*Work required*. Output the records below in full, word for word; pictures do not belong in it.

(Extracted records)
============
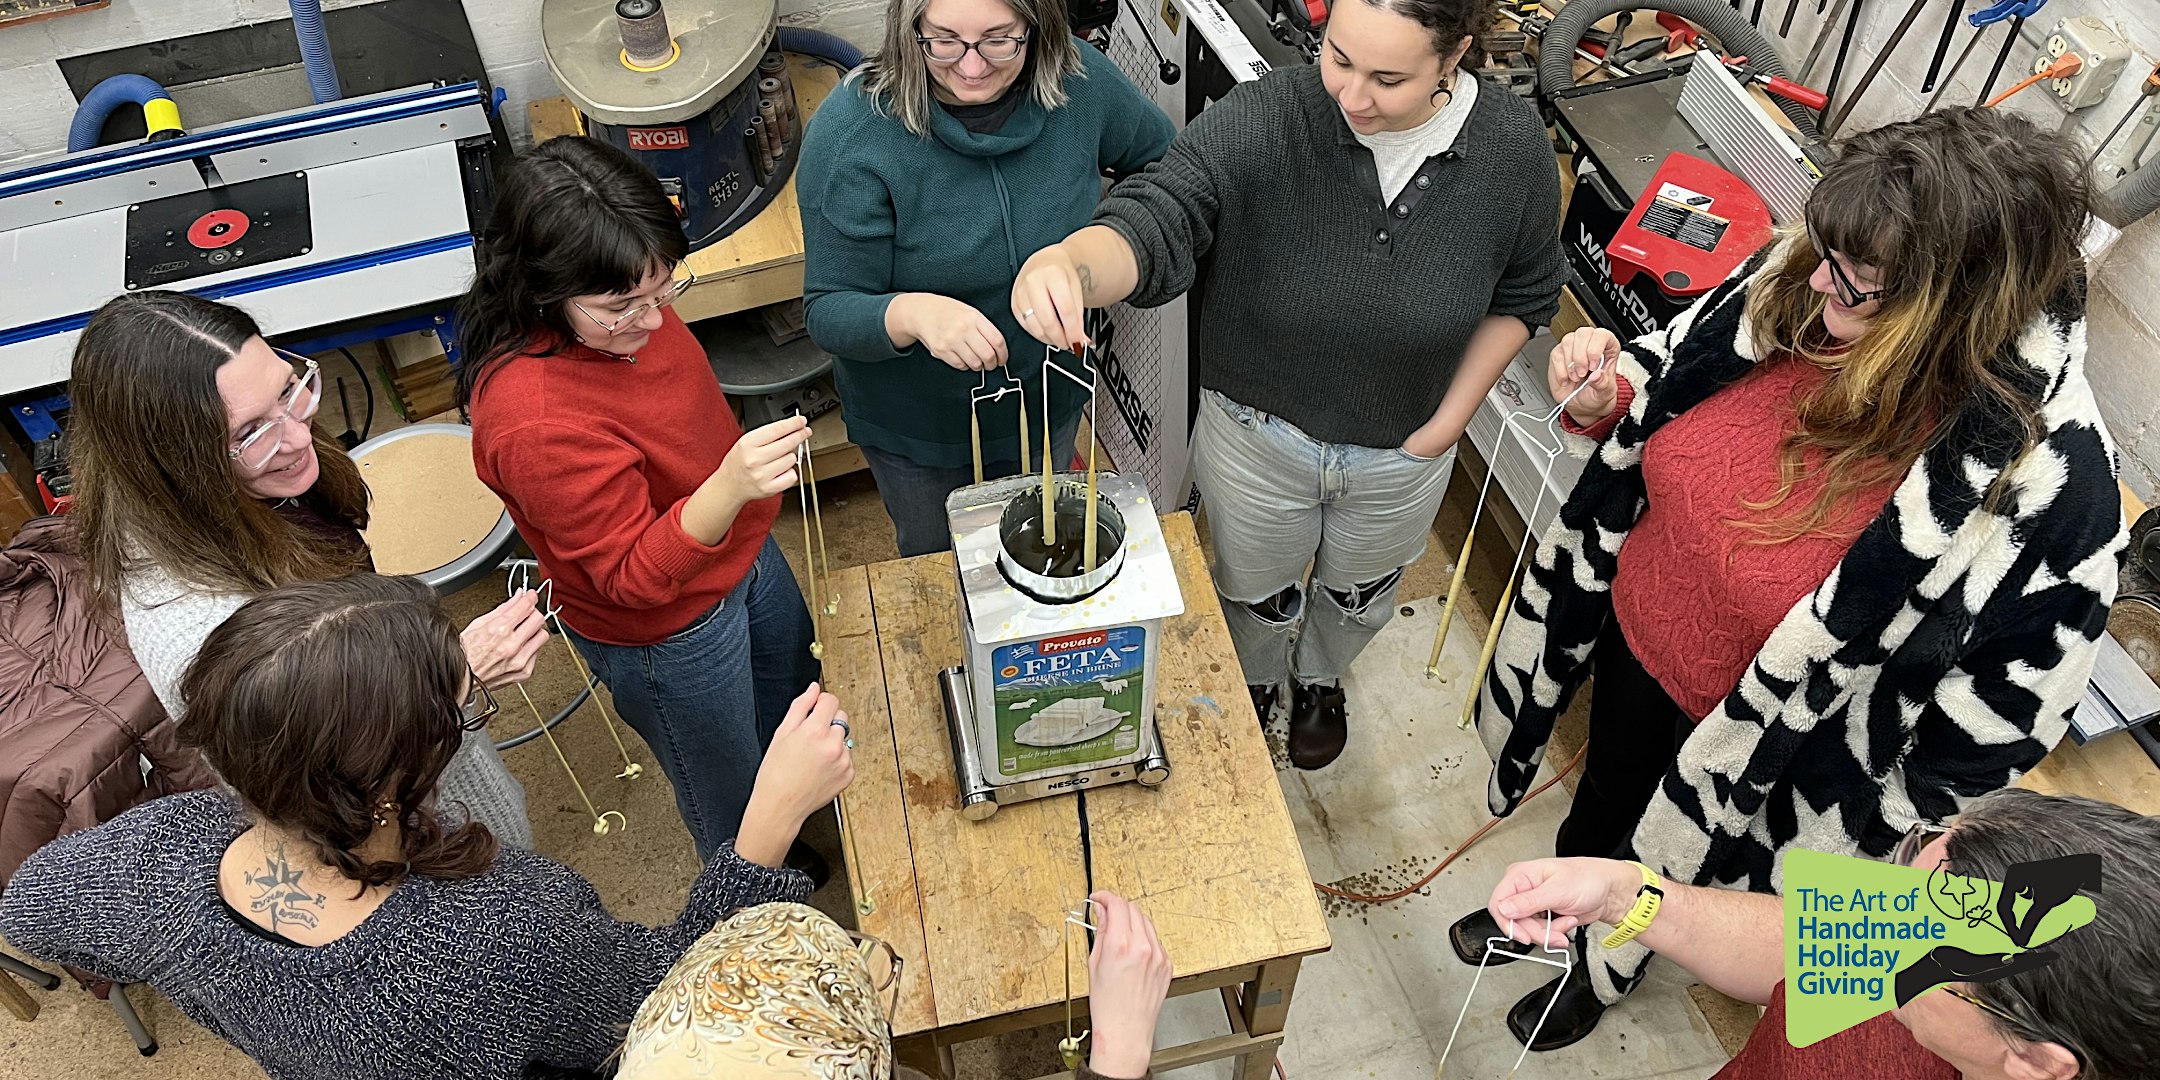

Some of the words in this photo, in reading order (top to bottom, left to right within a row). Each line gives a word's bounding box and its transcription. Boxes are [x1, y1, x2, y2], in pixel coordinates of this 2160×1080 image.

[629, 130, 685, 146] RYOBI
[711, 181, 739, 208] 3430
[1580, 222, 1657, 334] WAUDA
[1598, 273, 1628, 317] TOOLS
[805, 399, 838, 419] ELTA
[1043, 636, 1102, 652] Provato
[1023, 647, 1121, 676] FETA
[1087, 662, 1121, 672] BRINE
[1047, 778, 1090, 790] NESCO
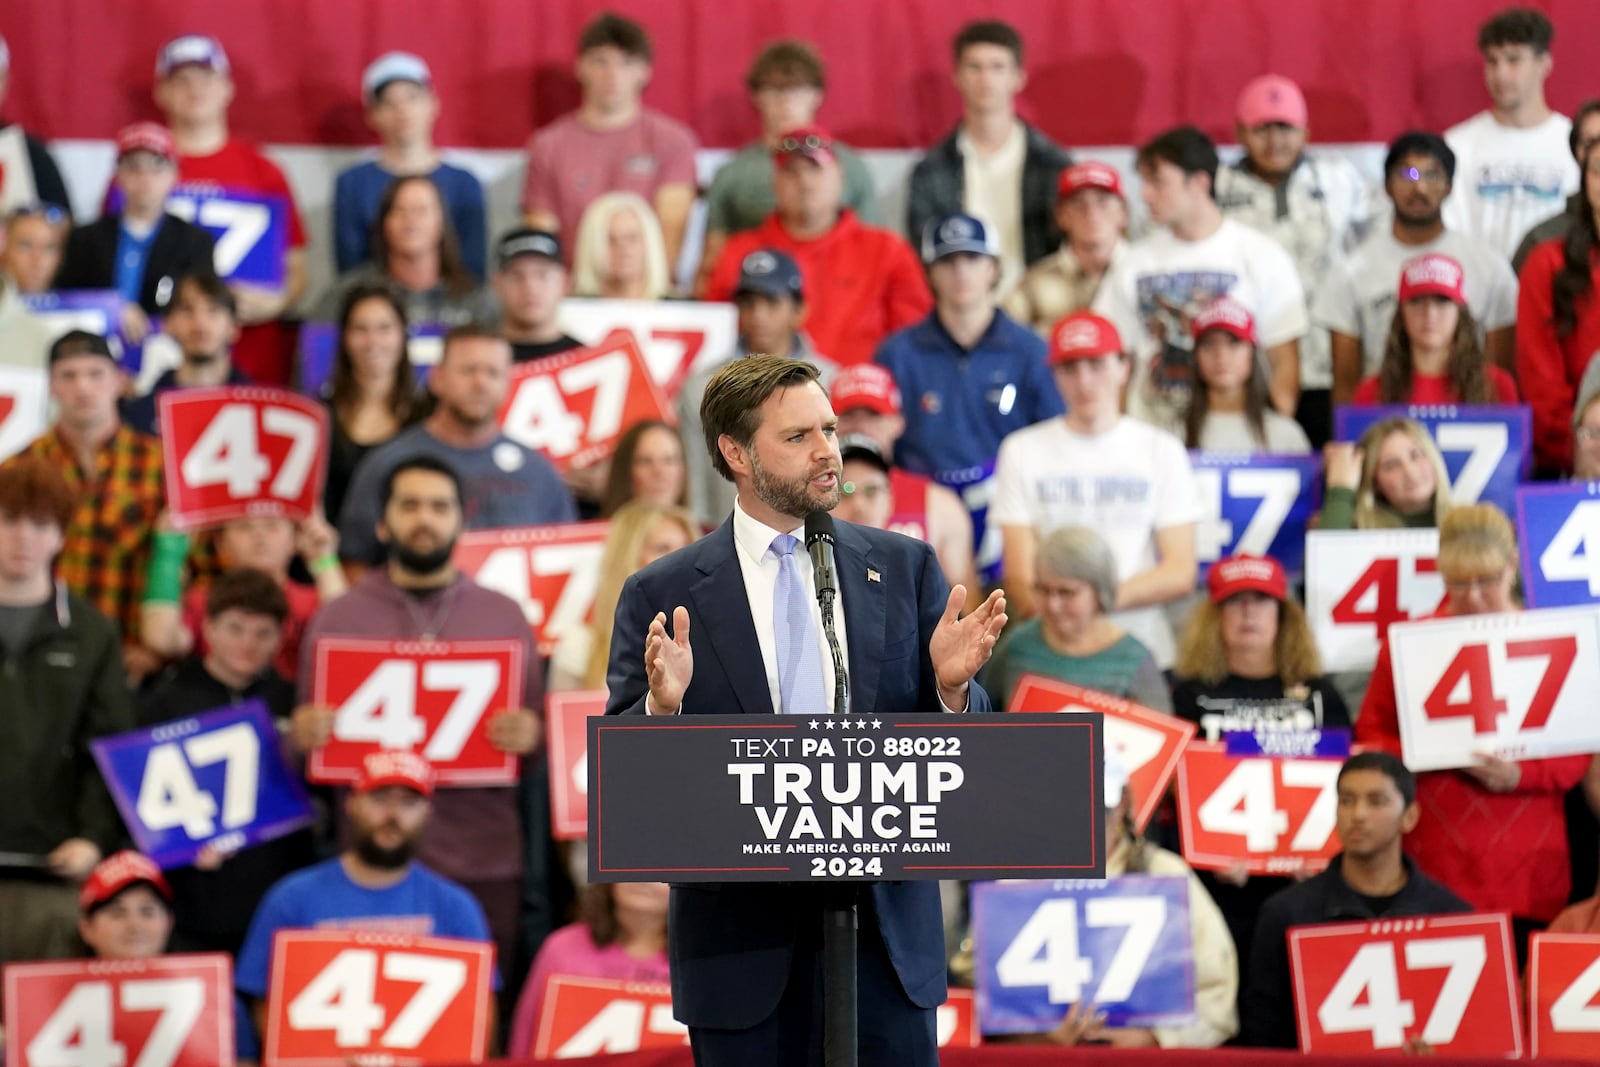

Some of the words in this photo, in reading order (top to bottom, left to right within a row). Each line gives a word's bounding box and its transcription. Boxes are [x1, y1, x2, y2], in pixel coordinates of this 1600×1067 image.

[182, 404, 318, 497] 47
[502, 350, 632, 457] 47
[1436, 423, 1508, 506] 7
[474, 541, 606, 638] 47
[1539, 499, 1600, 597] 4
[333, 660, 499, 760] 47
[1423, 636, 1578, 735] 47
[136, 723, 260, 840] 47
[727, 762, 965, 804] TRUMP
[731, 738, 794, 758] TEXT
[802, 737, 836, 757] PA
[842, 737, 876, 757] TO
[883, 737, 961, 756] 88022
[742, 844, 781, 854] MAKE
[786, 843, 848, 853] AMERICA
[853, 843, 898, 853] GREAT
[902, 842, 951, 853] AGAIN!
[754, 804, 938, 839] VANCE
[1198, 757, 1345, 852] 47
[810, 857, 883, 877] 2024
[995, 896, 1168, 1004] 47
[1318, 936, 1487, 1048] 47
[26, 977, 206, 1067] 47
[288, 949, 467, 1048] 47
============
*Your response*.
Some of the words in this photo, in reading order (top to bottom, left to right within a row). Each line gives a word's bounding box and its transcription. Boxes are [x1, y1, x2, y2], in pixel coordinates of this 2160×1080 image.

[629, 130, 685, 146] RYOBI
[711, 181, 739, 208] 3430
[1580, 222, 1657, 334] WAUDA
[1598, 273, 1628, 317] TOOLS
[805, 399, 838, 419] ELTA
[1043, 636, 1102, 652] Provato
[1023, 647, 1121, 676] FETA
[1087, 662, 1121, 672] BRINE
[1047, 778, 1090, 790] NESCO

Some of the words in this photo, in reading order (top to bottom, left to right within a row). Each line gives a word's bounding box and its transcription. Boxes are [x1, y1, x2, y2], in pixel coordinates of this 1600×1067 image.

[182, 404, 318, 497] 47
[502, 350, 632, 457] 47
[1436, 423, 1508, 506] 7
[474, 541, 606, 638] 47
[1539, 499, 1600, 597] 4
[333, 660, 499, 760] 47
[1423, 636, 1578, 735] 47
[136, 723, 260, 840] 47
[727, 762, 965, 804] TRUMP
[731, 738, 794, 758] TEXT
[802, 737, 836, 757] PA
[842, 737, 876, 757] TO
[883, 737, 961, 756] 88022
[742, 844, 781, 854] MAKE
[786, 843, 848, 853] AMERICA
[853, 843, 898, 853] GREAT
[902, 842, 951, 853] AGAIN!
[754, 804, 938, 839] VANCE
[1198, 757, 1345, 852] 47
[810, 857, 883, 877] 2024
[995, 896, 1168, 1004] 47
[1318, 936, 1487, 1048] 47
[26, 977, 206, 1067] 47
[288, 949, 467, 1048] 47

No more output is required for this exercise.